The Collapsing Empire 5/5
The Consuming Fire 4/5
The Last Emperox 2/5
Ditto here. I thought the Collapsing Empire did a great job laying out the premise, and coming fresh (ish) off the Expanse, I could immediately grasp the stakes at hand. Scalzi's gambits work better on a smaller scale when dealing with a prison escape, a kidnap attempt, or a bomb threat. But everything falls apart in Book 3. Did the Flow Theories end up right? Did the empire collapse neatly? And how, how, could anyone think that the emperox turning into a supercomputer is a good plot ending? It's a literal deus IN machina and feels like it undermines the entire point of the first and second books. The Expanse did this better in its last half-dozen chapters.
Blackout 3/5
All Clear 4/5
All Clear is brilliant but I don't think the entirety of Blackout was necessary to set it up, since the first of this duology involves a lot of people trying to blend in, not disrupt the pillars of causality, and make their very important appointments.
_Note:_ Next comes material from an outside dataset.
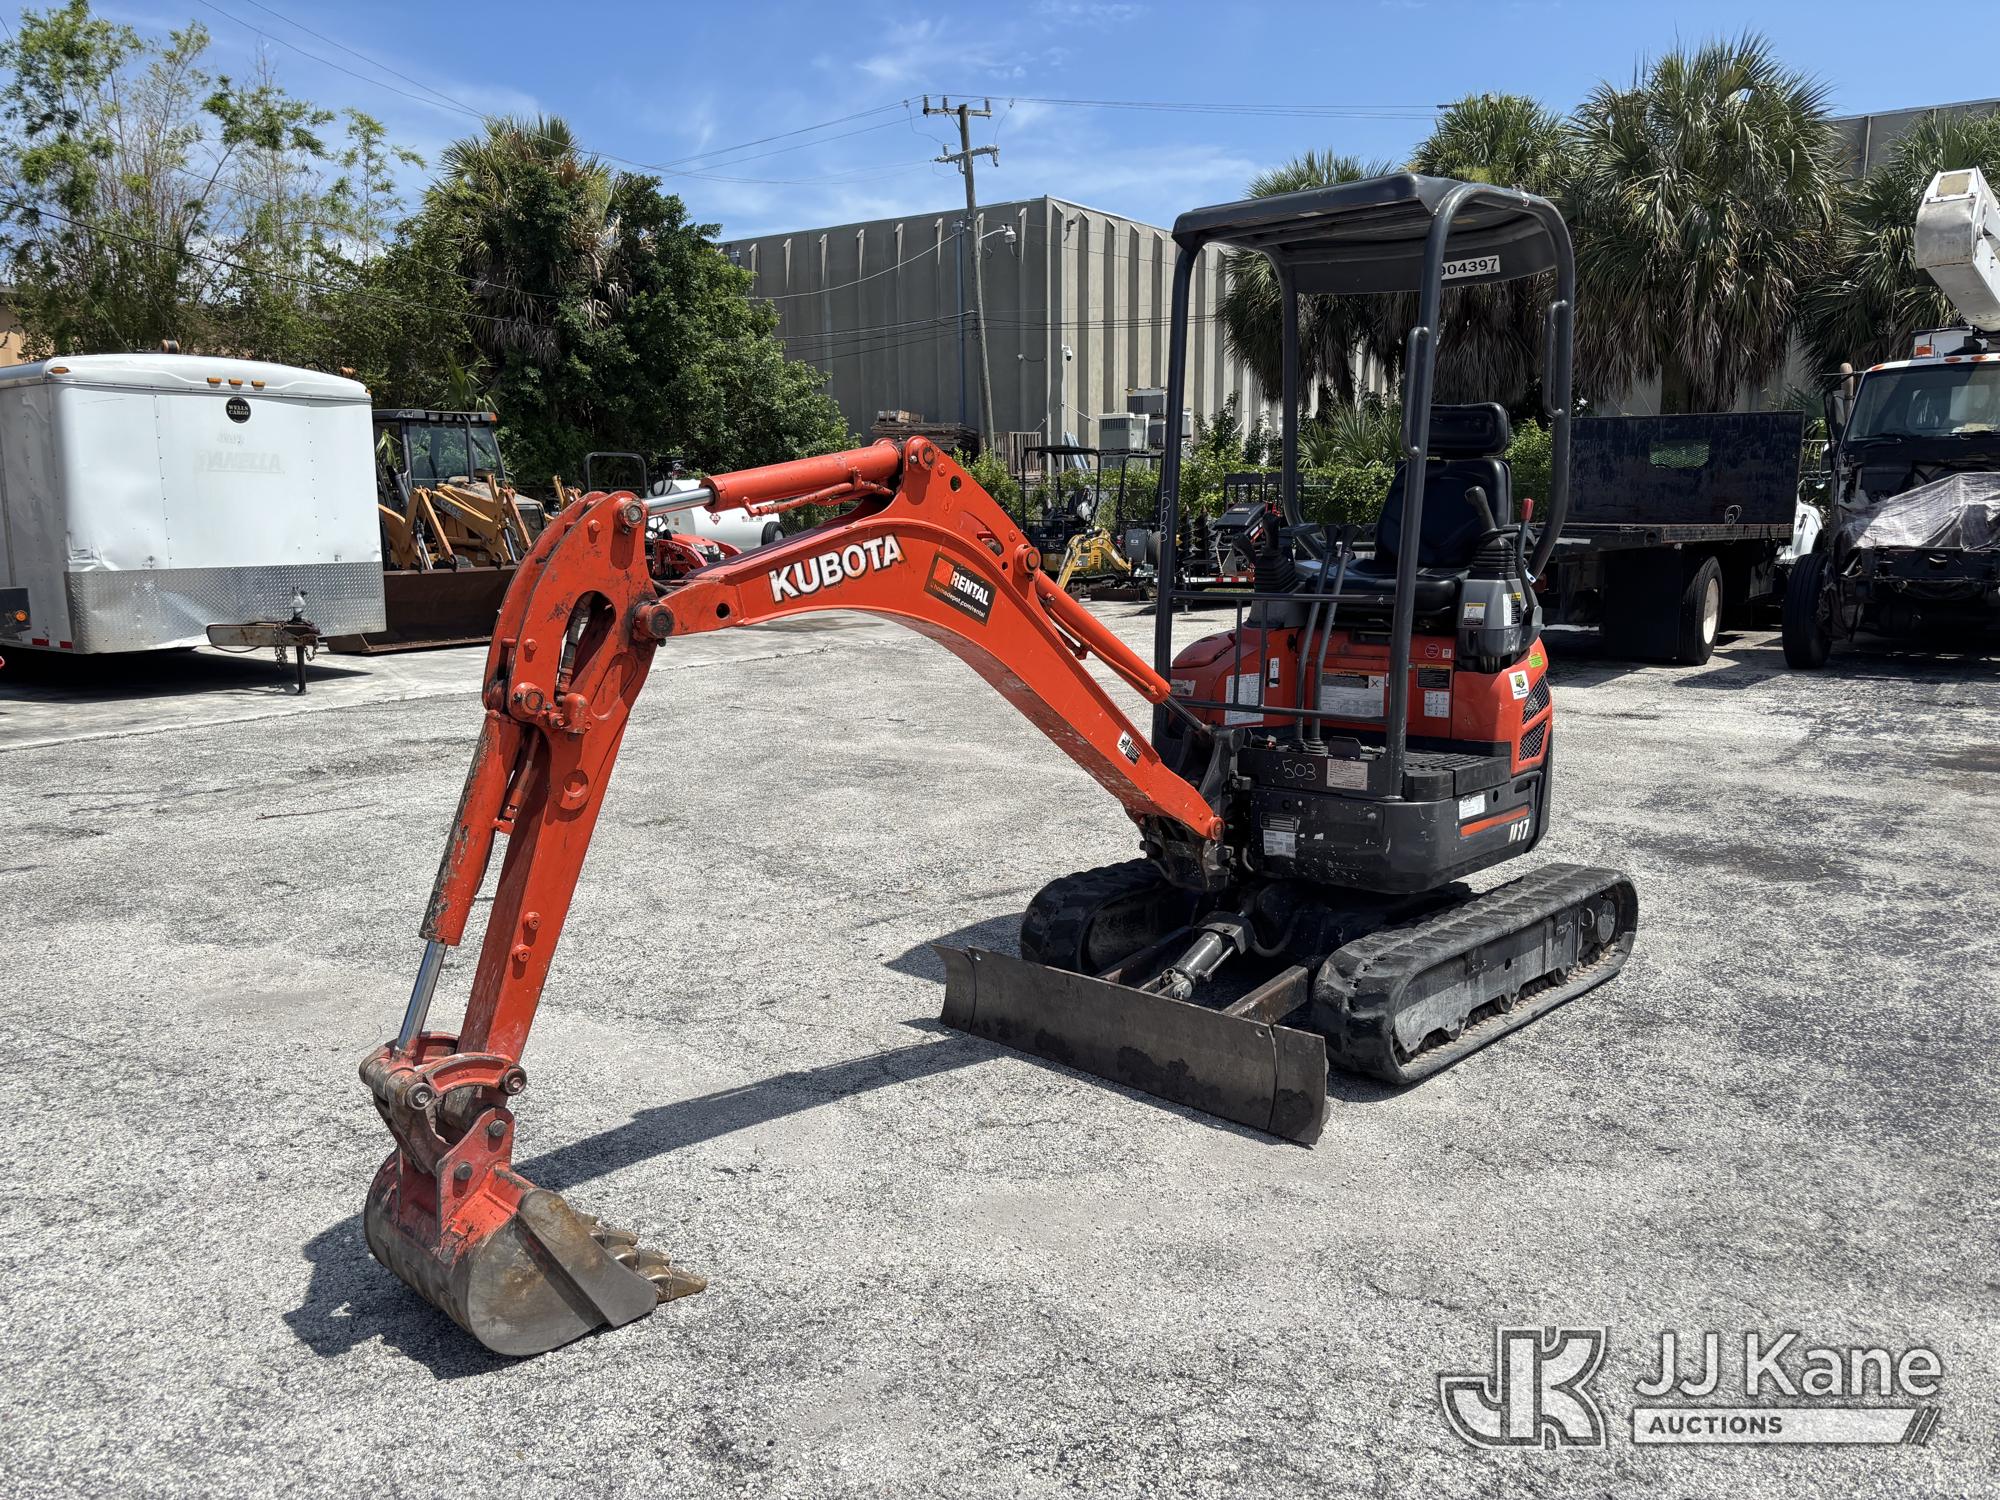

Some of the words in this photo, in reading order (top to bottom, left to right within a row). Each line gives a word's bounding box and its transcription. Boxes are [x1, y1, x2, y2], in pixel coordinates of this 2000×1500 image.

Even though, the atmosphere of WW2-era Britain was THICK. I loved seeing people from all walks of life in the war. Sir Godfrey's last conversation with Polly was the best thing I read on vacation. I didn't even mind all the fake deaths.
Palimpsest 1/5
What the hell?
Alright. It wasn't bad. It's poetry, good poetry. I just was not in the mood to read poetry where people fuck to enter a city of dreams. It was beautiful but also self indulgent, filled with cool stuff for the sake of being cool. And succeeding consistently, but to what end? I don't think I'm ever in the mood for that kind of book.
Uprooted 2/5
The antagonist, an entire forest, was compelling, creepy, and consistently several steps ahead of the protagonists. So I liked that. But I didn't like the main character, or the unexplained magic system, or the romance that robs the mentor character of all the mystique he had at the beginning of the book. Also, ew, the romance. Spinning Silver was ten times better than Uprooted.